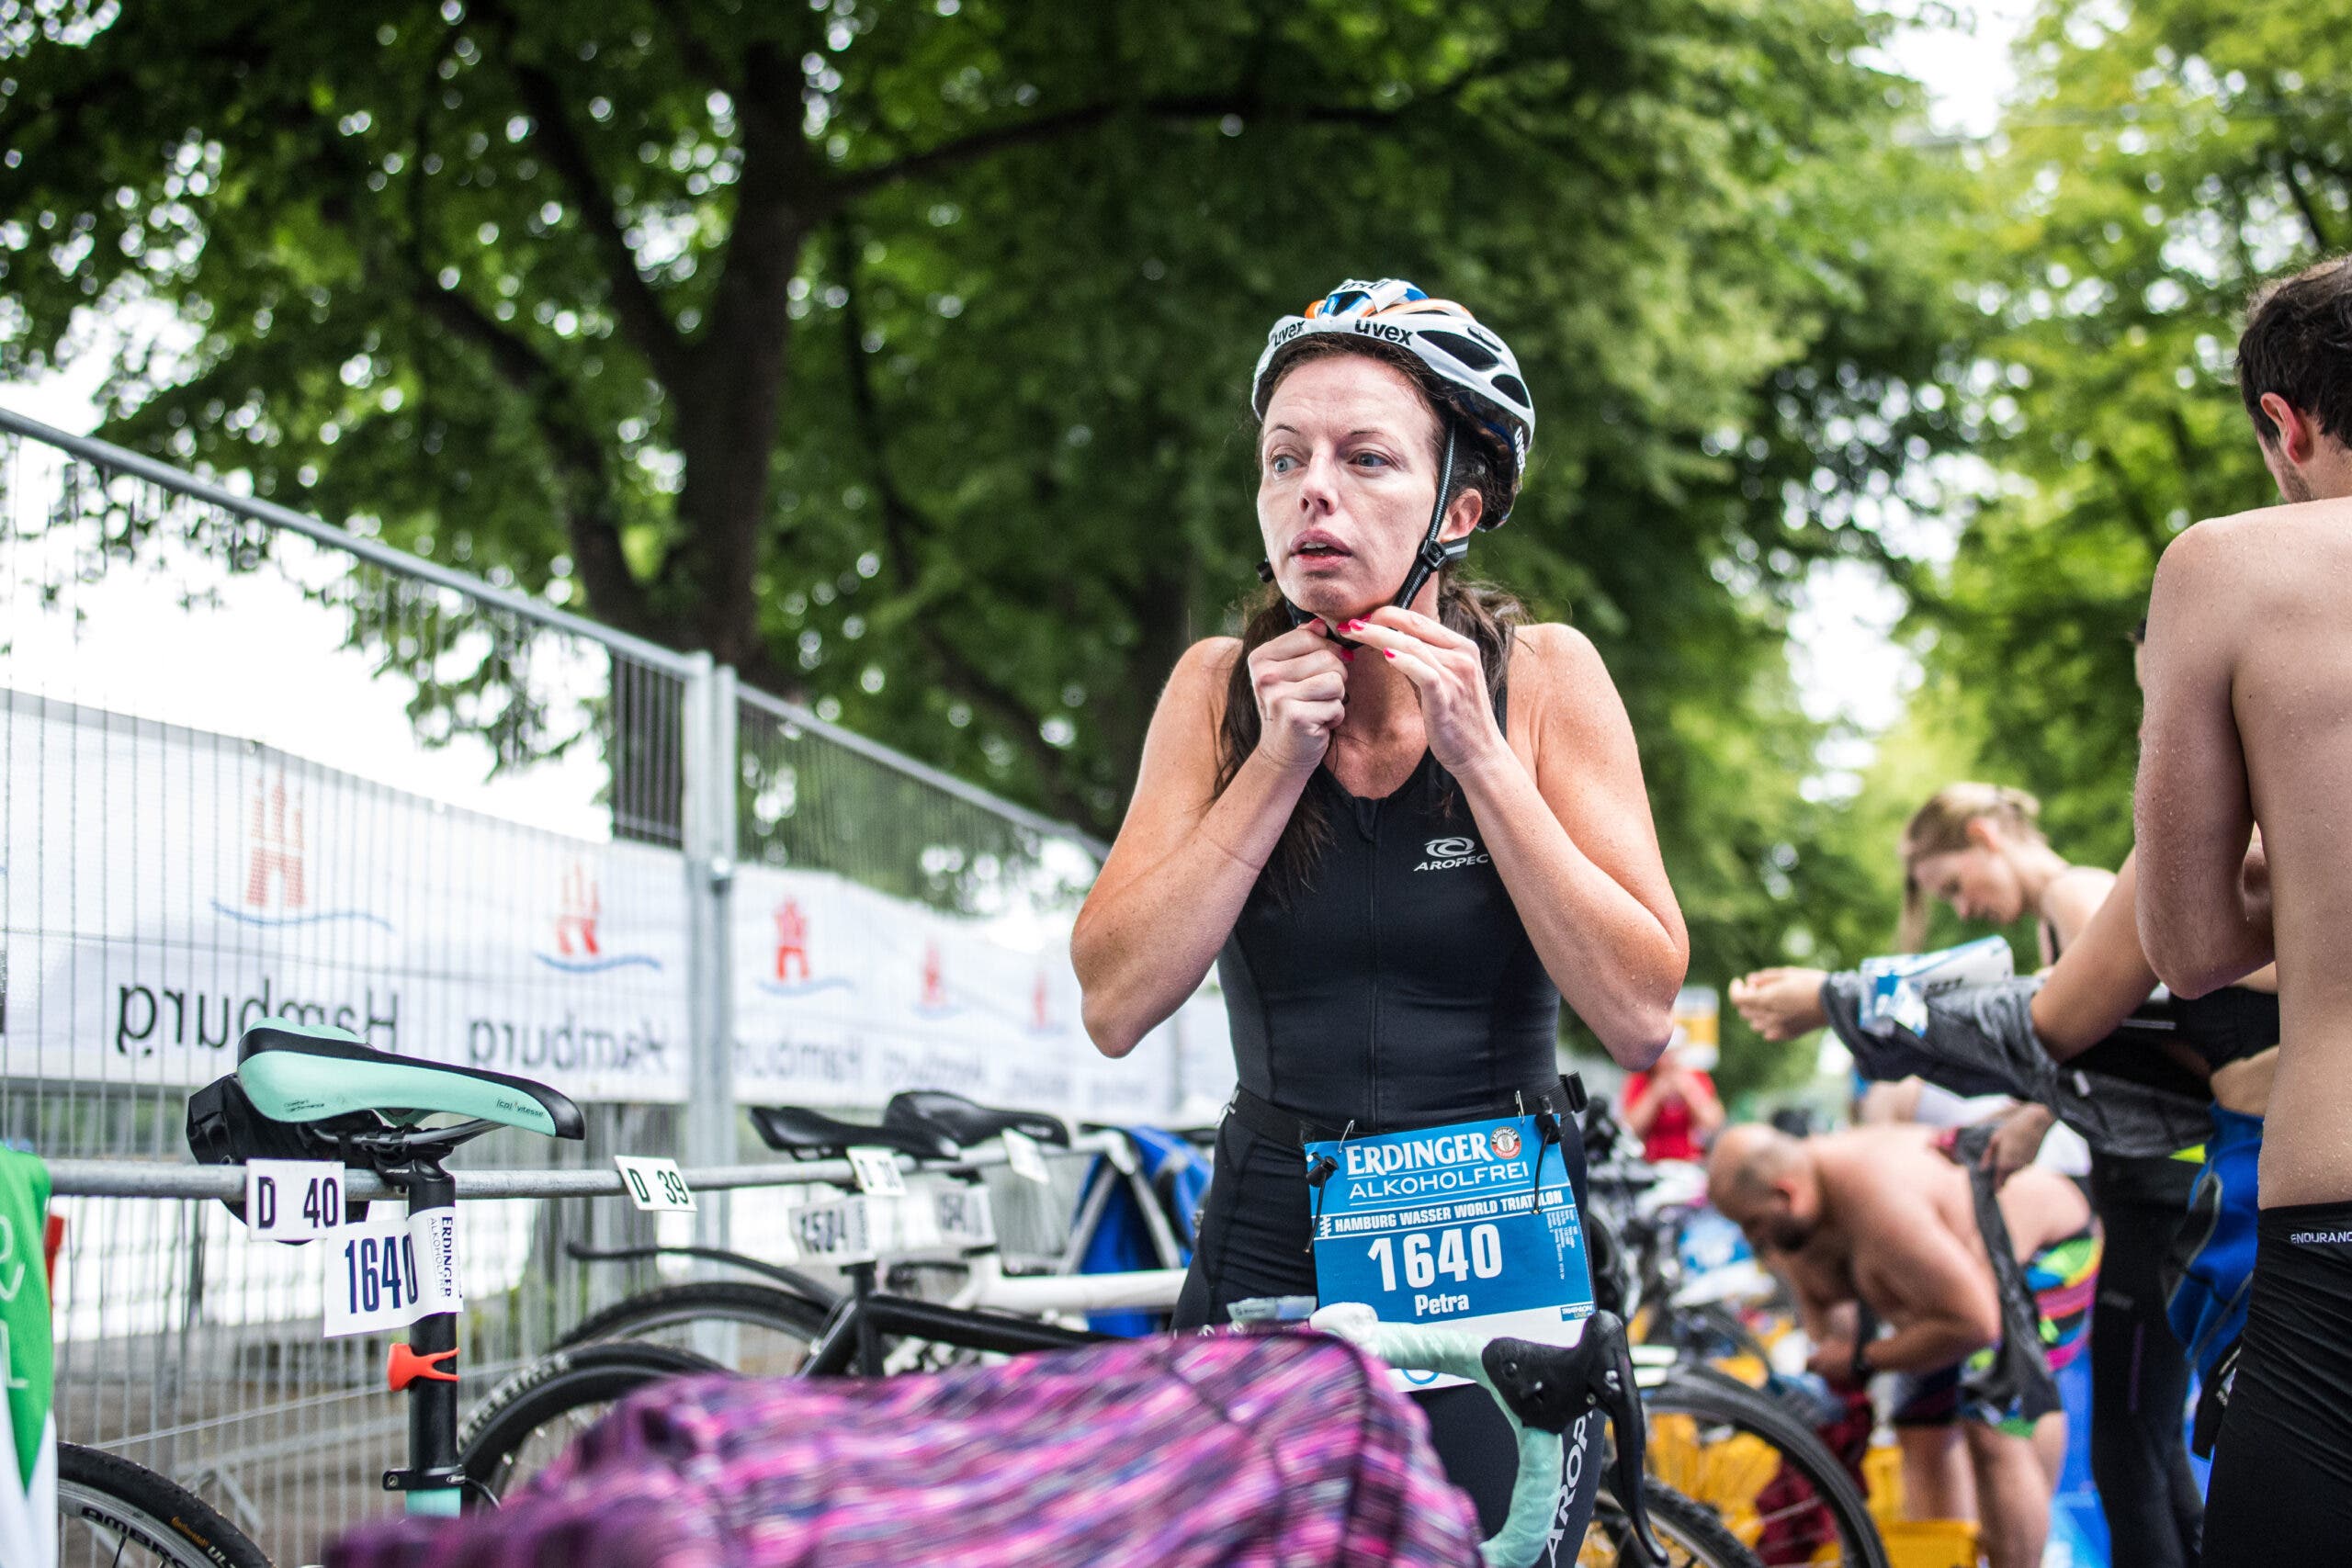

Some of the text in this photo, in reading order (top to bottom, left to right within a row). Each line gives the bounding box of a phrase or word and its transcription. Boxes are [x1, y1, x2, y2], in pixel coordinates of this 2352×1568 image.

[1273, 321, 1306, 347] uvex
[1354, 319, 1413, 345] uvex
[1413, 853, 1488, 872] AROPEC
[1345, 1132, 1494, 1177] ERDINGER
[627, 1168, 689, 1204] D 39
[1349, 1161, 1530, 1200] ALKOHOLFREI
[258, 1176, 338, 1230] D 40
[1335, 1213, 1396, 1233] HAMBURG
[1399, 1206, 1452, 1228] WASSER
[1454, 1199, 1499, 1220] WORLD
[345, 1231, 419, 1314] 1640
[441, 1216, 454, 1297] ERDINGER
[1367, 1224, 1502, 1292] 1640
[1414, 1293, 1470, 1316] Petra
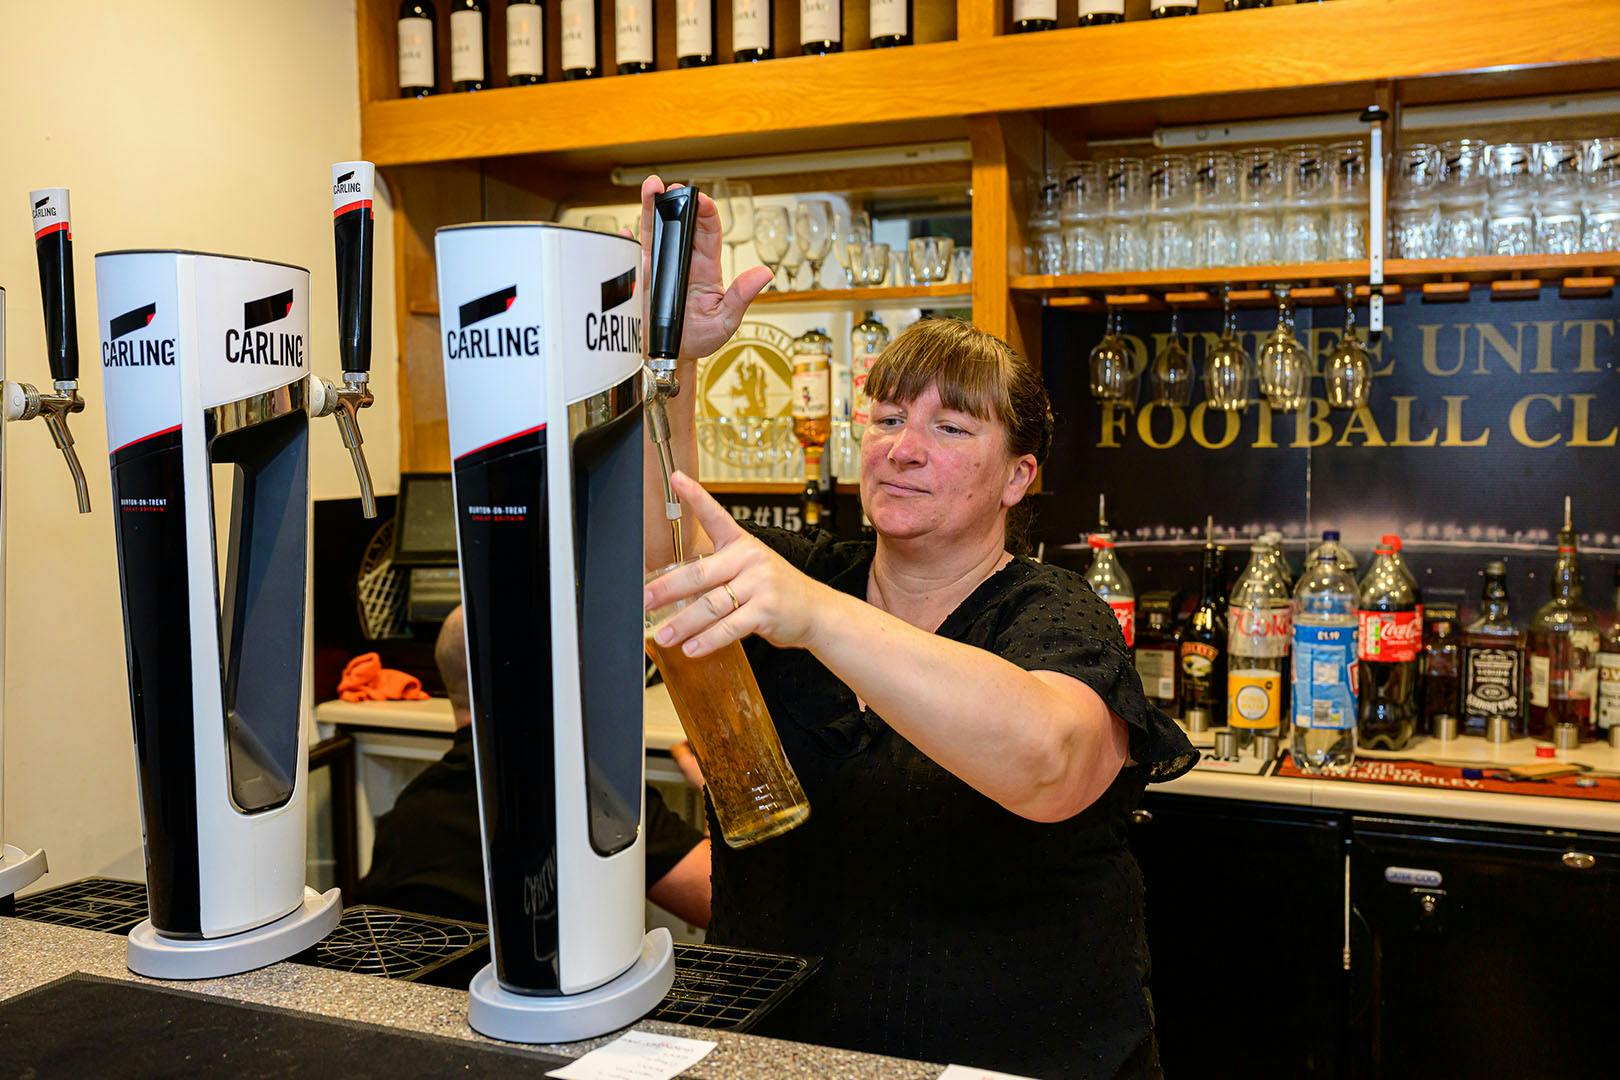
---+---
> _Instructions for the task_: Give the entries above again word for word, without the pictures.

> _Expected output_:
Some of the text in this photo, in reading order (top to bottom, left to right within a row). Each line gives the bounding box of a phrase or word and its transcription. Boxes are [x1, y1, x2, y2], in pixel coordinates of this 2352×1568 image.

[1273, 321, 1306, 347] uvex
[1354, 319, 1413, 345] uvex
[1413, 853, 1488, 872] AROPEC
[1345, 1132, 1494, 1177] ERDINGER
[627, 1168, 689, 1204] D 39
[1349, 1161, 1530, 1200] ALKOHOLFREI
[258, 1176, 338, 1230] D 40
[1335, 1213, 1396, 1233] HAMBURG
[1399, 1206, 1452, 1228] WASSER
[1454, 1199, 1499, 1220] WORLD
[345, 1231, 419, 1314] 1640
[441, 1216, 454, 1297] ERDINGER
[1367, 1224, 1502, 1292] 1640
[1414, 1293, 1470, 1316] Petra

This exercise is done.